La retraite par répartition a permis de limiter la crise dans notre pays

De par le nombre de retraités qui, malgré des pensions continuellement en baisse, a
contribué à soutenir la consommation des ménages.
Mais aussi de par leur statut, méconnu dans la société, de travailleurs libres,
débarrassés de leur subordination à un patron et des horaires imposés, leur permettant ainsi
de participer, sous de nombreux aspects, à la croissance des richesses créées et à la réponse
aux besoins sociaux.
Enfin, le budget des retraites, de par le principe de la répartition, est libéré des
contraintes quotidiennes du Capital et échappe ainsi à la spéculation qui est à l’origine de la
crise.

Pour financer les retraites, faire reculer la voracité du Capital

Pour cela, il faut que le Travail reprenne confiance dans sa force mais surtout dans sa
légitimité à pousser en avant ses revendications. Légitimité car seul le Travail est créateur
de richesses
contrairement à l’actionnariat et au grand patronat. Sa revalorisation par une
forte augmentation générale des salaires doit être à l’ordre du jour et surtout ne pas être
déconnectée de la question des retraites.
Dans le salaire, la cotisation employeur doit être augmentée pour compenser la
confiscation permanente des gains de productivité.
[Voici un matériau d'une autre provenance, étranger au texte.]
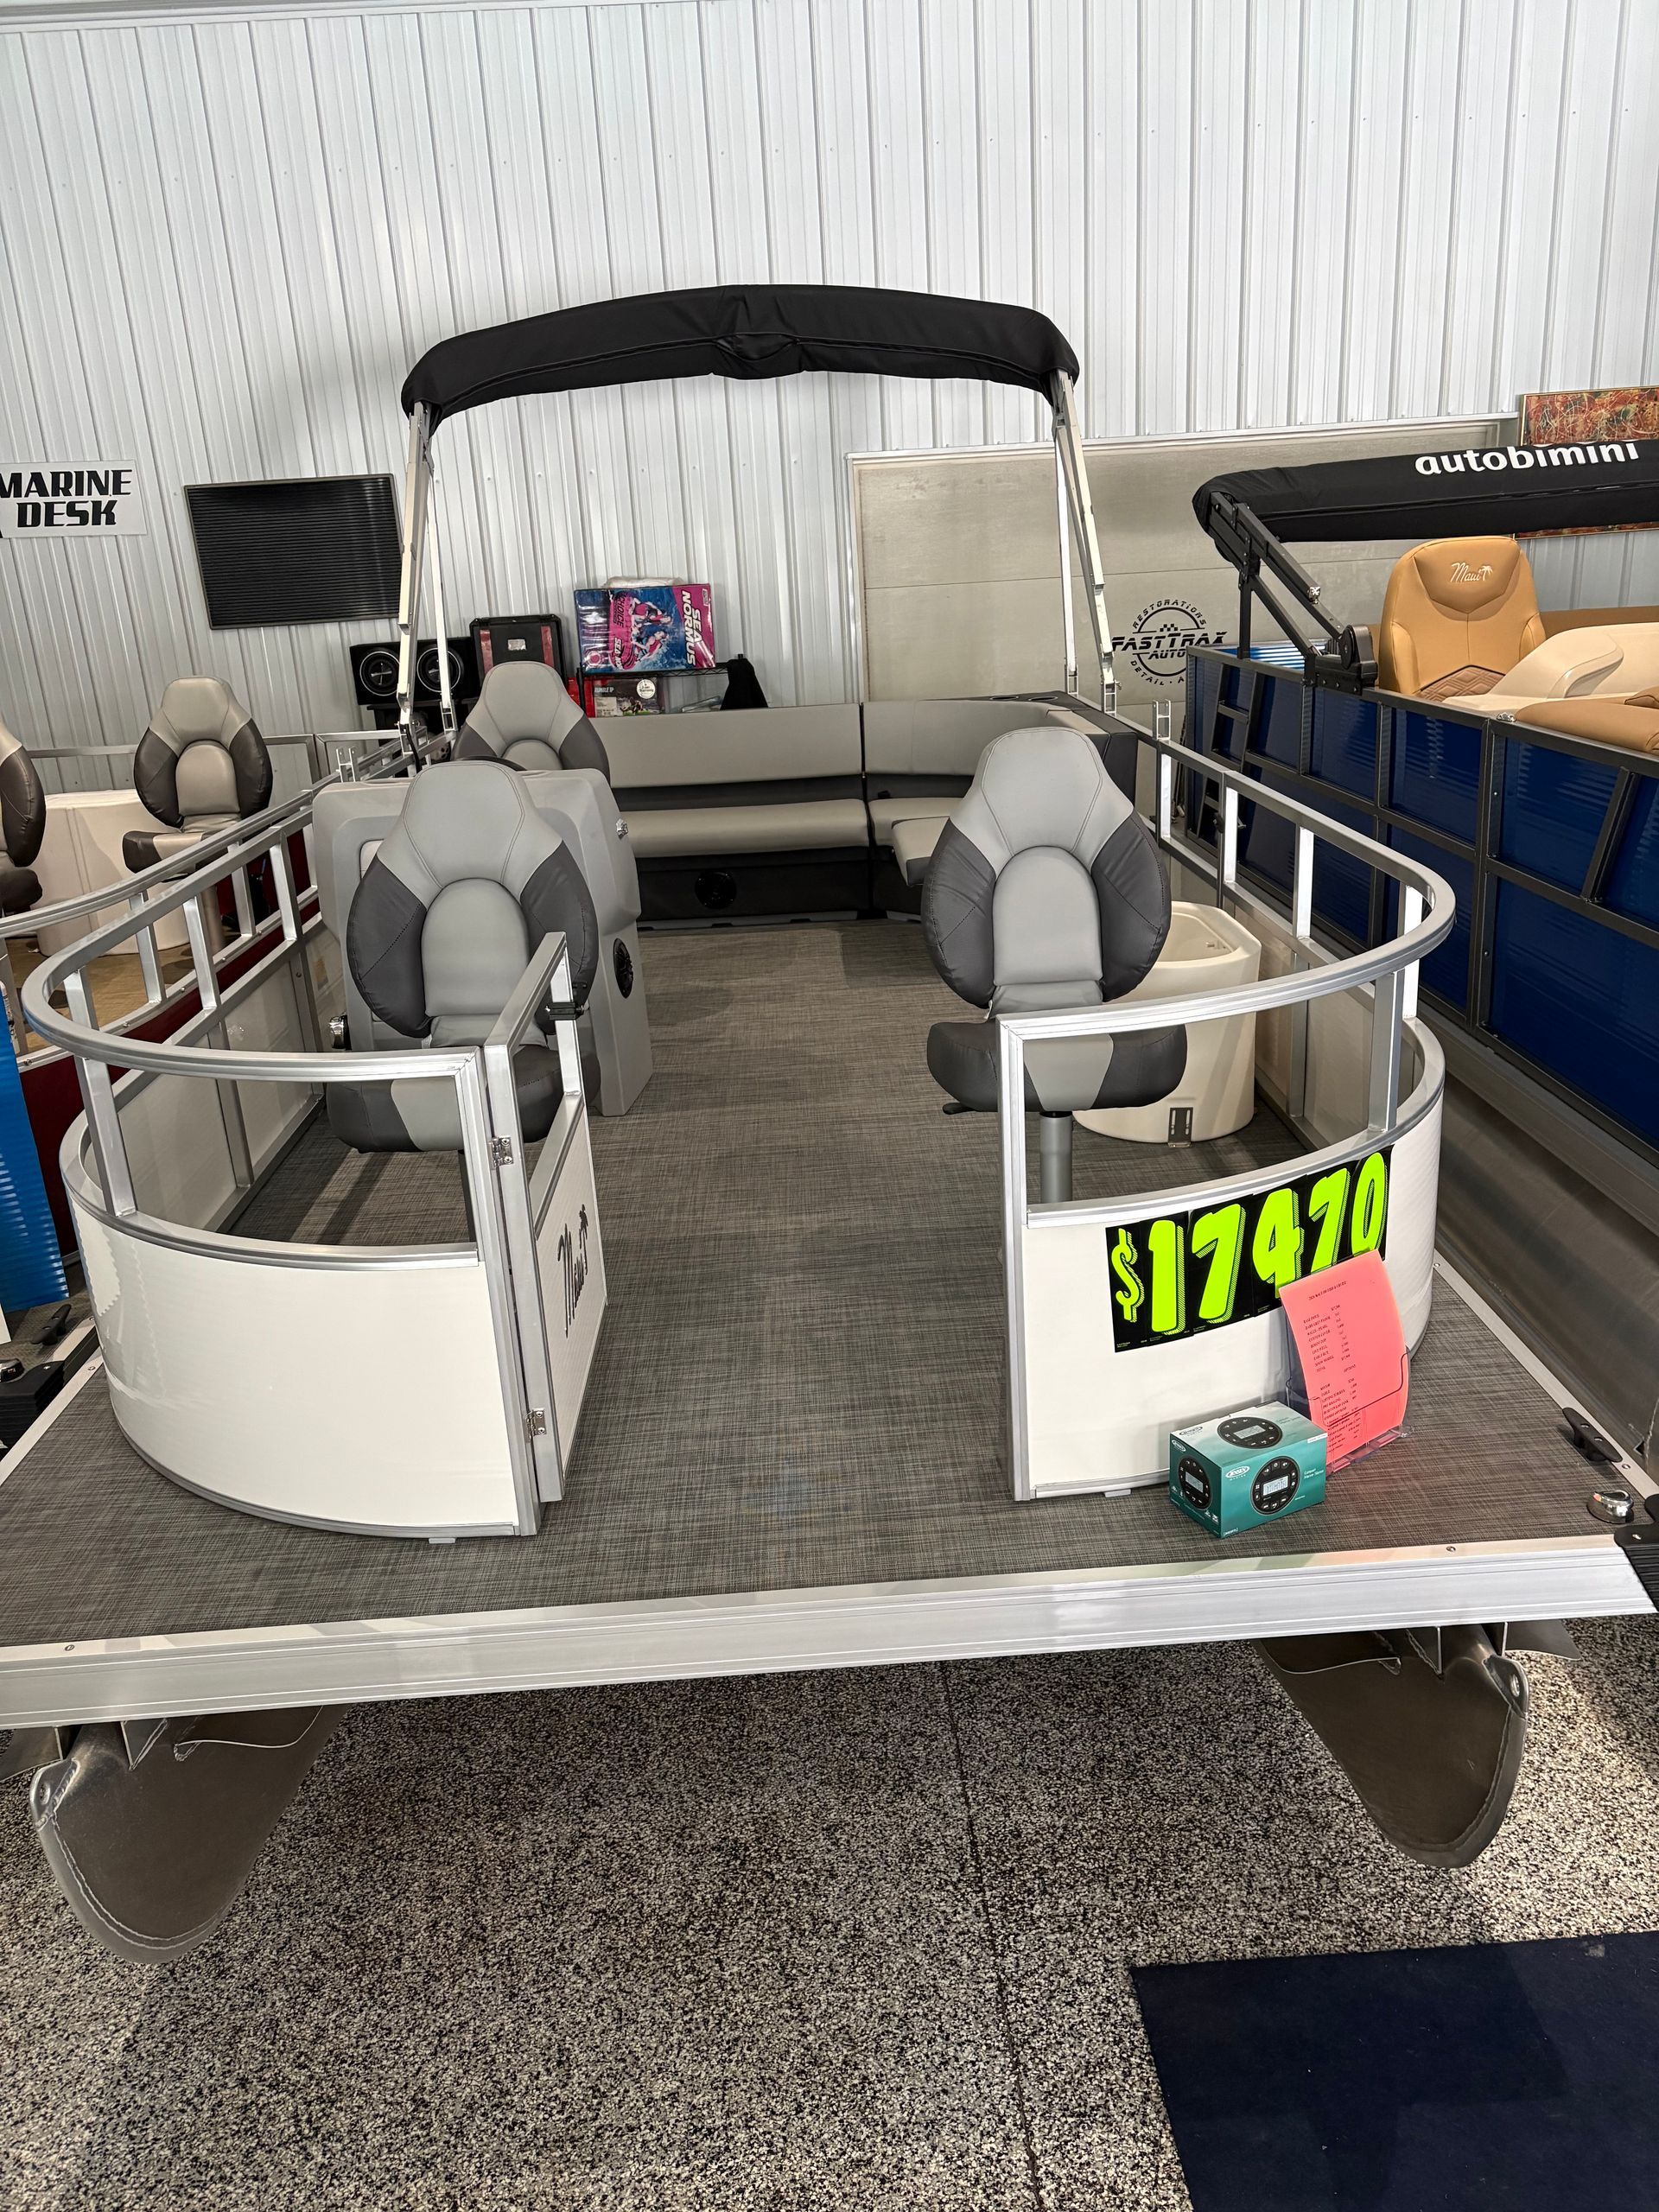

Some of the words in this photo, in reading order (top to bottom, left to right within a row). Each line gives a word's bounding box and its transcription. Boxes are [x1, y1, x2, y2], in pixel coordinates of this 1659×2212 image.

Toutes les exonérations doivent cesser.
Exiger l’arrêt des plans de licenciements et la mise en oeuvre d’une politique de
plein emploi,
combattant la précarité et le temps partiel non choisi est aussi un impératif.
Mais le débat doit être poussé plus loin pour surmonter les divisions entre salariés
que veut attiser le pouvoir. La retraite est une part du salaire, alors les budgets dégagés
doivent être gérés par les propriétaires de cette partie de salaire : les salariés !
Il faut revenir à l’élection directe des administrateurs des caisses de la Sécurité
Sociale dont la CNAV. Pourquoi ne pas en profiter pour ramener, dans un premier temps, la
participation des employeurs à celle prévue par les fondateurs du système, à savoir 25 % du
Conseil d’Administration ? Si l’Etat doit y siéger, c’est en tant que patron. Il ne peut être
juge et partie ! Ne met-il pas en difficulté le régime de la Fonction Publique en proclamant
sa volonté de supprimer un fonctionnaire sur deux ?
Travaillons aussi aux convergences entre toutes les catégories de travailleurs, entre
toutes les professions et avec les privés d’emploi en développant l’aspiration à
l’harmonisation sur la base des meilleures prestations. Pourquoi ne pas débattre d’une
revendication d’un âge de départ possible pour tous ceux qui le souhaitent à 55 ans avec un
niveau de pension d’au moins 75 % du meilleur salaire ?
En parallèle, la question des moyens politiques nécessaires à de tels objectifs doit être
posée pour que ce point de vue, que nous qualifions de révolutionnaire, se fasse entendre
dans le champ politique et affirme qu’aucun consensus n’est possible entre le Capital et
le Travail.

La représentation politique du Travail est un enjeu dont l’avenir dépend des travailleurs :

Soit son développement et l’affirmation de son caractère majoritaire et primordial sur
toute la société
Soit son dévoiement, sa confiscation dans une délégation de pouvoir au sein des
institutions actuelles et au final, de nouveaux abandons idéologiques et politiques qui
encouragent le gouvernement à aller toujours plus loin.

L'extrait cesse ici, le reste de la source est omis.